Abbreviations: HPSA, Health Professional Shortage Area; SEER, Surveillance, Epidemiology, and End Result.
Other (N = 24,487) includes registry categories Insurance Not Otherwise Specified (NOS) (3569), TRICARE (2365), Military (141), Veterans Affairs (3028), Indian/Public Health Service (26), Insurance status Unknown (12,759), and missings (2599).
Eighteen cases have missing or unknown information.
Classification of Rural–Urban Commuting Areas based on 2010 Rural–Urban Commuting Area Codes using county FIPS codes (https://www.ers.usda.gov/data‐products/rural‐urban‐commuting‐area‐codes/).
SEER summary stage grouped by SEER Summary Staging Manual 2000.

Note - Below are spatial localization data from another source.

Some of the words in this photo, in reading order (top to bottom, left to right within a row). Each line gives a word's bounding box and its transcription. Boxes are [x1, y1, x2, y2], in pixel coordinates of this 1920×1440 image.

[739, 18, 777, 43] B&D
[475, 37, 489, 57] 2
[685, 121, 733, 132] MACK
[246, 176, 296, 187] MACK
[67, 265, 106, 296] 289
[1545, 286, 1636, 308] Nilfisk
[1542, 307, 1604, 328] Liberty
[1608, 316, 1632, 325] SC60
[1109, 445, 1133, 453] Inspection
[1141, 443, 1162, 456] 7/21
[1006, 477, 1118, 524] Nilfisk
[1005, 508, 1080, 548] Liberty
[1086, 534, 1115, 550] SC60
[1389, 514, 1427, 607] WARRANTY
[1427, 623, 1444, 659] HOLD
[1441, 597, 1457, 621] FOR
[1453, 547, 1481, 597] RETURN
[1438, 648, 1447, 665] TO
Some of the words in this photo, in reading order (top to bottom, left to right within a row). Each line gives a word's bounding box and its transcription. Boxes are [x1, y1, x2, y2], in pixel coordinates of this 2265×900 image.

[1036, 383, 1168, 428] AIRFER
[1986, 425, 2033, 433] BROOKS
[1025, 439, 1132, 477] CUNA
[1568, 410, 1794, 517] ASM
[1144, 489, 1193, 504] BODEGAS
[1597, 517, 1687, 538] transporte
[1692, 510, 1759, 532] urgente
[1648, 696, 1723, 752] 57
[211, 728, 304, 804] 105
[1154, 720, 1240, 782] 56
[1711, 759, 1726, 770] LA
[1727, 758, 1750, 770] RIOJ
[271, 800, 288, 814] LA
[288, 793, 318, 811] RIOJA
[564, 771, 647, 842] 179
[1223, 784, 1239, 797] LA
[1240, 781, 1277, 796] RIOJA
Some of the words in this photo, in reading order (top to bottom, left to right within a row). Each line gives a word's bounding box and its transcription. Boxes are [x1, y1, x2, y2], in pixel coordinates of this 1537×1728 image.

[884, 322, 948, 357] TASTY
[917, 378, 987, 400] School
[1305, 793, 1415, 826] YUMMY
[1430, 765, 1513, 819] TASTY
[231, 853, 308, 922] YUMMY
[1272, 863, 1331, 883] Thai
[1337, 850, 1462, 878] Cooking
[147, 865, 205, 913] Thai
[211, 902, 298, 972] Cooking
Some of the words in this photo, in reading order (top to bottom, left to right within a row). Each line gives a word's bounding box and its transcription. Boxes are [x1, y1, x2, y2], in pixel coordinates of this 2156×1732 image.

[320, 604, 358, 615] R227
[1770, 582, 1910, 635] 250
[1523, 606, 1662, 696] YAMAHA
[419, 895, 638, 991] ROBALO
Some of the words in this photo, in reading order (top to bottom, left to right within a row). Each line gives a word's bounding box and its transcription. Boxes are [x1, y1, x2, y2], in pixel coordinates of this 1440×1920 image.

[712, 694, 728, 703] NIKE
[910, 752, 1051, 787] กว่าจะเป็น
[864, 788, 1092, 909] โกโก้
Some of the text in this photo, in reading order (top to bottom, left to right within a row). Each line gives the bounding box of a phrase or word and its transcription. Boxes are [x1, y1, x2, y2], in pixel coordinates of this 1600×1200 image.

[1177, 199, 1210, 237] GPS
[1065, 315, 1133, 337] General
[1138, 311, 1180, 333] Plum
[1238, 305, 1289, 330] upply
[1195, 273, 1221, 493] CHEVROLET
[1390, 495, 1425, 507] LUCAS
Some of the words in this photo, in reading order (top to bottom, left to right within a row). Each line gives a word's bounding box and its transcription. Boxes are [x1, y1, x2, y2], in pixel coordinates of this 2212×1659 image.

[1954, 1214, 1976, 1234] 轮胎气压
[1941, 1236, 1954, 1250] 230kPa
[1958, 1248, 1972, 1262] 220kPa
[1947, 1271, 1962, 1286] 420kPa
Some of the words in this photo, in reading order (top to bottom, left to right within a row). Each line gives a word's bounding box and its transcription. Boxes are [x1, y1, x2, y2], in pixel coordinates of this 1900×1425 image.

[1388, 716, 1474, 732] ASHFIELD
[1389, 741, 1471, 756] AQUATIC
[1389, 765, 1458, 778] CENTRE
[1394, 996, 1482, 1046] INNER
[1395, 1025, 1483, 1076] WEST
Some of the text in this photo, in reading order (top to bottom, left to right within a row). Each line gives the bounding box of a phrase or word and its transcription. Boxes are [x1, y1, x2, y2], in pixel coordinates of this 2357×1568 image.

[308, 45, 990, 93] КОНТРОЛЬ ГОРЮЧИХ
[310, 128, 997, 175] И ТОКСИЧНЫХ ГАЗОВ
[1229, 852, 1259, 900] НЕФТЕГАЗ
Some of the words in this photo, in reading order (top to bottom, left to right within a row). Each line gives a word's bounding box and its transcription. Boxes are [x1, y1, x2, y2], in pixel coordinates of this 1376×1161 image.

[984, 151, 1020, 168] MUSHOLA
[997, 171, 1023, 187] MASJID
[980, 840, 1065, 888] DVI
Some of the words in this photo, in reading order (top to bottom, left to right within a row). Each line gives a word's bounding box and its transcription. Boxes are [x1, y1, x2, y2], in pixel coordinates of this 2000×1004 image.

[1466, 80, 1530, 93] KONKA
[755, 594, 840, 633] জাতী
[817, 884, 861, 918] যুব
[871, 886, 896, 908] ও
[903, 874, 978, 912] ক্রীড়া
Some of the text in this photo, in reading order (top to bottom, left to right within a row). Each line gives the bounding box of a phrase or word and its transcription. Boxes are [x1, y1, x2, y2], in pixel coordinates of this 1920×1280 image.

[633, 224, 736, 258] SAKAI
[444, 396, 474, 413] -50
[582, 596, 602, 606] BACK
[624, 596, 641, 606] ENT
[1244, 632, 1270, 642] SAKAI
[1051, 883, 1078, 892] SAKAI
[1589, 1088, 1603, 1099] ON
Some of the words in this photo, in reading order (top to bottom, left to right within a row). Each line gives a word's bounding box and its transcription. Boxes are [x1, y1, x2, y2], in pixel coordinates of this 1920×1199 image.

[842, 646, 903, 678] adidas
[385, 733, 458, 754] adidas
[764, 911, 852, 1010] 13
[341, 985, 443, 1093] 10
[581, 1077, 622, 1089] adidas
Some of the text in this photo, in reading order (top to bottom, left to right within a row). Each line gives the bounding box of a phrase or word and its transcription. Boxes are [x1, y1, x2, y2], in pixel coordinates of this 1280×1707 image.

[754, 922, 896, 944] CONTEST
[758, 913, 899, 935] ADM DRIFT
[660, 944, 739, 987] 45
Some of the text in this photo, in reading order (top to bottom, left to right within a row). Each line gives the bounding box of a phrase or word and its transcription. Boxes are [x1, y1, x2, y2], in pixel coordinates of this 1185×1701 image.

Census tract variable from American Community Survey (ACS) 5‐Year data income and poverty for poverty status (using 100% level) in the past 12 months of families.
Census Tract variable from American Community Survey (ACS) 5‐year data educational attainment for the population 25 years and over.
For shortage assignment of Health Professional Shortage Area. https://bhw.hrsa.gov/shortage‐designation/hpsas. Geographic lever is county.
Based on Geographically Underserved Areas: https://cancercontrol.cancer.gov/research‐emphasis/underserved.html.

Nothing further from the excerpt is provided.